ATA/876/2004 du 09.11.2004 ( CE ) , REJETE

Descripteurs : DROIT DE PREEMPTION; LOGEMENT SOCIAL; GARANTIE DE LA PROPRIETE; LIBERTE ECONOMIQUE; SUBSIDIARITE; PROPORTIONNALITE; POUVOIR D'EXAMEN; INTERET PUBLIC
Normes : LGL.3 al.1; LGL.9 al.1; LGL.16; LGL.26 litt.c; CST.26; CST.27; CST.36 al.1
Résumé : Recours de la commune contre le refus du Conseil d'Etat de lui permettre l'exercice du droit de préemption prévu par l'art. 3 al. 1 LGL dans le but d'acquérir la parcelle pour y construire un EMS et des logements. Selon le Conseil d'Etat, seuls les logements exhaustivement énumérés par l'art. 16 LGL seraient admis par l'art. 3 al. 1 LGL. Interprétation confirmée par le Tribunal administratif.
En fait
En droit
Par ces motifs
RÉPUBLIQUE ET CANTON DE GENÈVE

POUVOIR JUDICIAIRE

A/811/2004-CE ATA/876/2004

ARRÊT

DU TRIBUNAL ADMINISTRATIF

du 9 novembre 2004

dans la cause

 

COMMUNE DE X.
représentée par Me Christian Buonomo, avocat

contre

CONSEIL D'ETAT

et

Caisse de prévoyance du personnel enseignant de l’instruction publique et des fonctionnaires de l’administration du canton de Genève

appelée en cause et représentée par Me David Lachat, avocat



 


1. Le 29 août 2002, le Grand Conseil a déclassé la parcelle…, feuille .., sise … à X, dont la propriétaire était feu Madame M.M. L., de la 5ème zone de villas en zone de développement 4A. Ce faisant, la volonté de l’Etat de Genève était de lutter contre la pénurie de logement, notamment en densifiant la zone villas.

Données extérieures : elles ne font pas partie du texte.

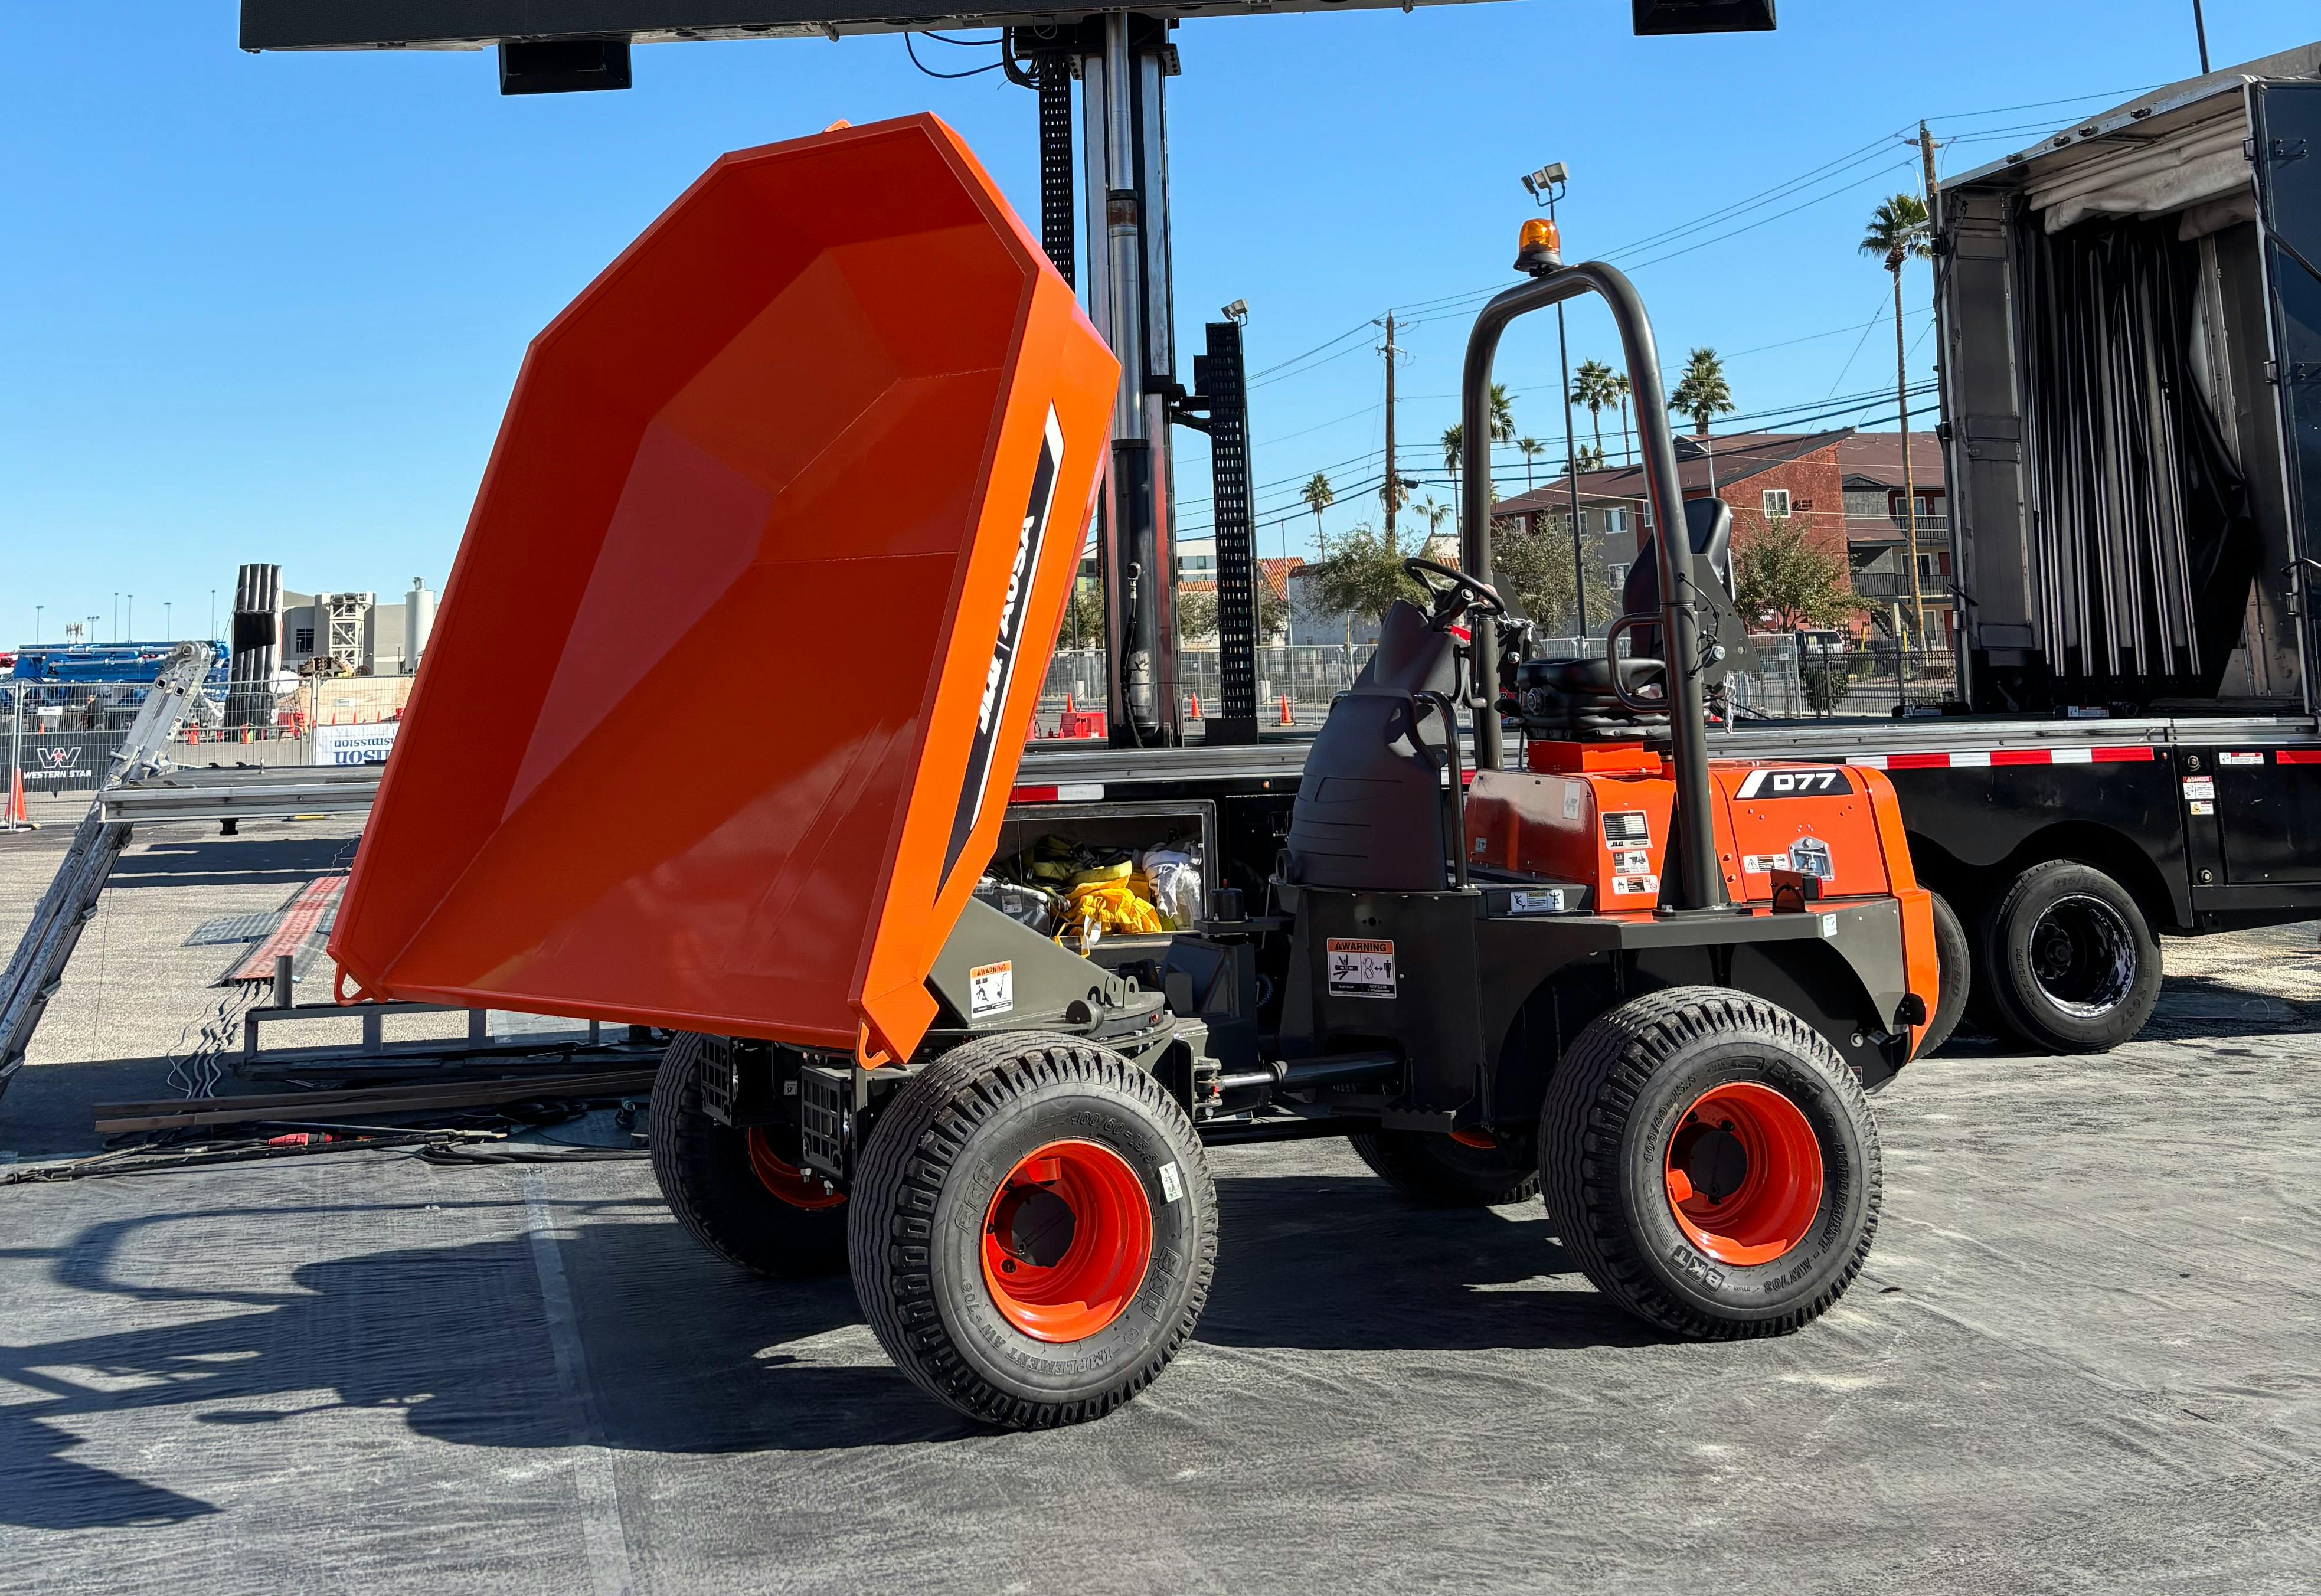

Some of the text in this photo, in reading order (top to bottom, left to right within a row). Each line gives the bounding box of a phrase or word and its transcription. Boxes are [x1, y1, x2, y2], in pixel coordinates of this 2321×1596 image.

[999, 515, 1035, 639] AUSA
[24, 769, 92, 779] WESTERN STAR
[1773, 773, 1836, 791] D77
[1341, 943, 1387, 951] WARNING
[980, 964, 1006, 975] WARNING
[1770, 1058, 1825, 1100] BKT
[1668, 1245, 1725, 1293] BKT
[1005, 1346, 1112, 1375] IMPLEMENT

Sur intervention de la Commune de X. (ci-après : la commune), l’indice d’utilisation du sol a été réduit et limité à 0,6.

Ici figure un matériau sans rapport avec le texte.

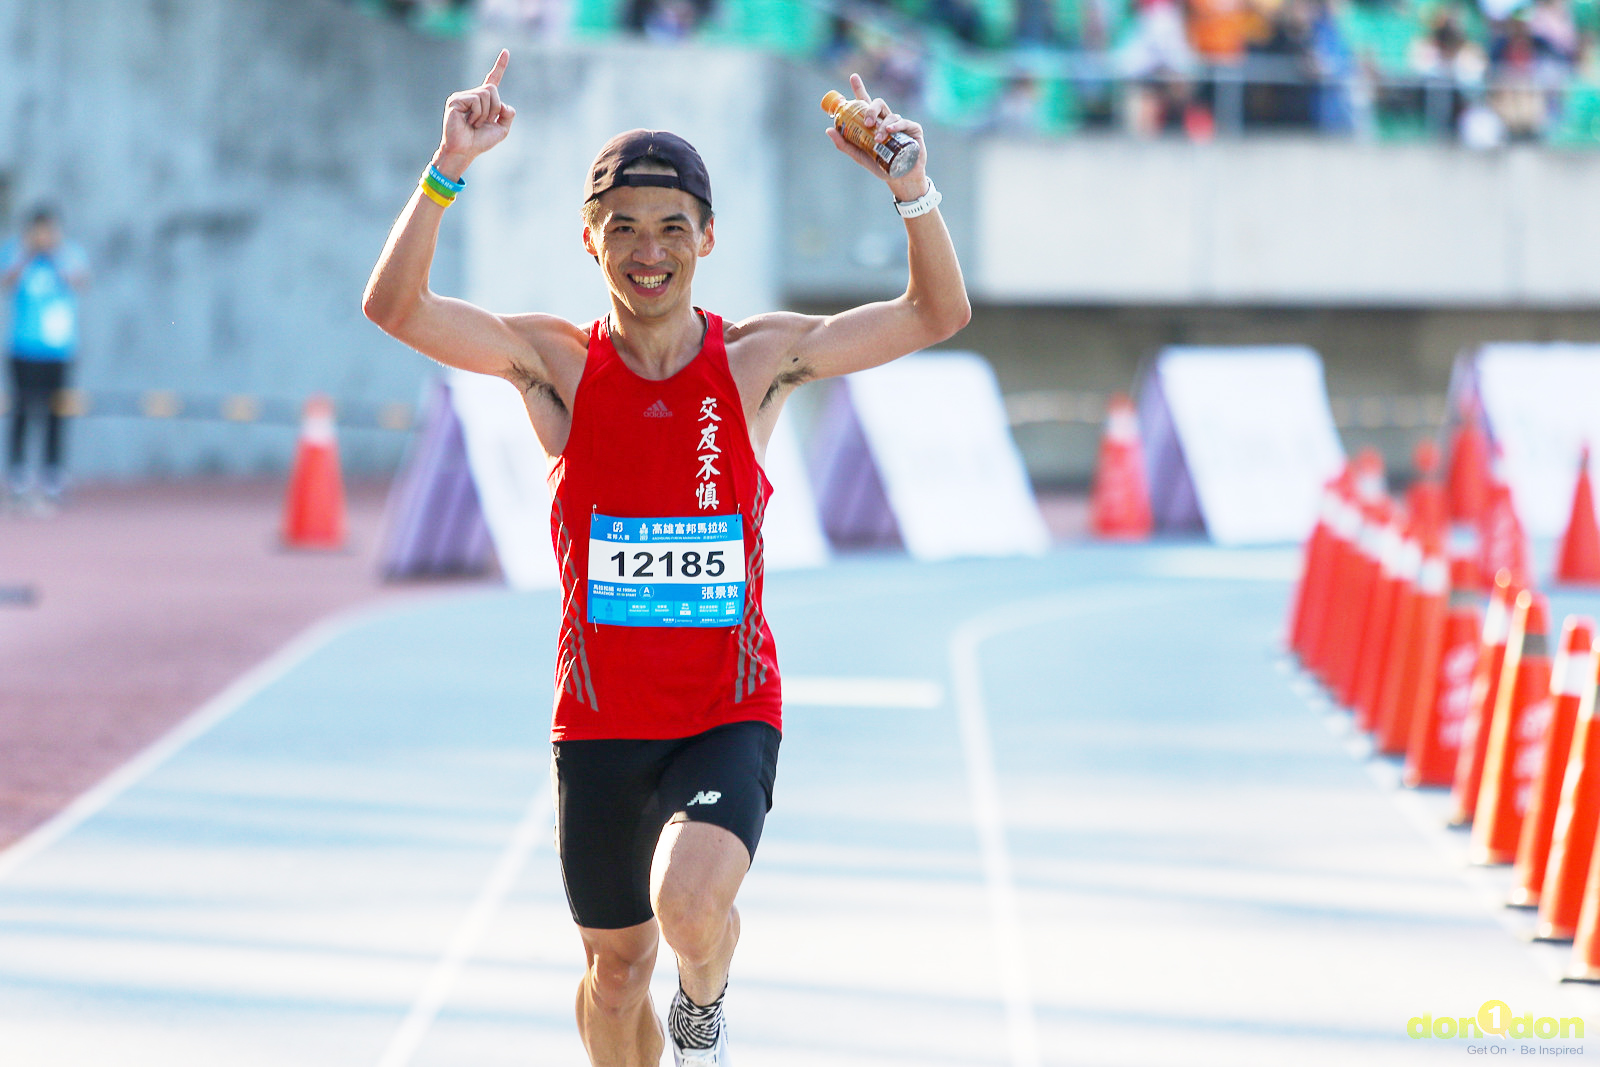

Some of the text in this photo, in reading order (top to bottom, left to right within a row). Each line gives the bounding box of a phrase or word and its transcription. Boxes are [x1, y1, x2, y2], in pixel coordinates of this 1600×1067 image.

[643, 410, 673, 418] adidas
[695, 396, 722, 510] 交友不慎
[652, 521, 728, 535] 高雄富邦馬拉松
[610, 550, 725, 578] 12185
[643, 586, 650, 594] A
[701, 585, 738, 600] 張景敦
[686, 790, 722, 806] NB

2. Le 8 octobre 2003, la caisse de prévoyance du personnel enseignant de l’instruction publique et des fonctionnaires de l’administration du canton de Genève (ci-après : CIA) a acquis ladite parcelle de l’hoirie de feu Madame L. à l’occasion d’enchères volontaires publiques.

Lors de ces enchères publiques, la CIA a été la seule à enchérir. La commune n’a présenté aucune offre. La CIA a proposé un prix correspondant à la mise minimum requise.

3. Le 12 janvier 2004, apprenant que la commune envisageait d’exercer son droit de préemption, la CIA a précisé les buts poursuivis par l’acquisition de la parcelle, à savoir pallier la crise aiguë du logement dans le canton de Genève en réalisant des ensembles de logements répondant aux besoins de la population.

4. Le 15 janvier 2004, le conseil municipal de la Ville de X. a pris une délibération autorisant le conseil administratif à exercer son droit de préemption sur ladite parcelle.

La Ville de X. entendait acquérir la parcelle pour édifier un établissement médico-social (EMS), ainsi que des bâtiments destinés au logement. Il était prévu de revendre le terrain à la fondation communale pour le logement des personnes âgées et à la fondation de la Ville de X. pour la construction d’habitations à loyer modéré.

5. Le 15 mars 2004, le Conseil d’Etat a rendu un arrêté qui refusait d’approuver la délibération du conseil municipal du 15 janvier 2004.

6. Le 21 avril 2004, la commune a interjeté recours au Tribunal administratif contre la décision du Conseil d’Etat, pour l’essentiel au motif que l’exercice de son droit de préemption répondait à un intérêt public et que le refus du Conseil d’Etat contrevenait au principe de la proportionnalité. Elle conclut principalement à l’annulation de la décision du Conseil d’Etat, à la condamnation de celui-ci en tous les frais de la procédure et à une équitable indemnité, ainsi qu’à débouter l’Etat de Genève de toutes autres ou contraires conclusions.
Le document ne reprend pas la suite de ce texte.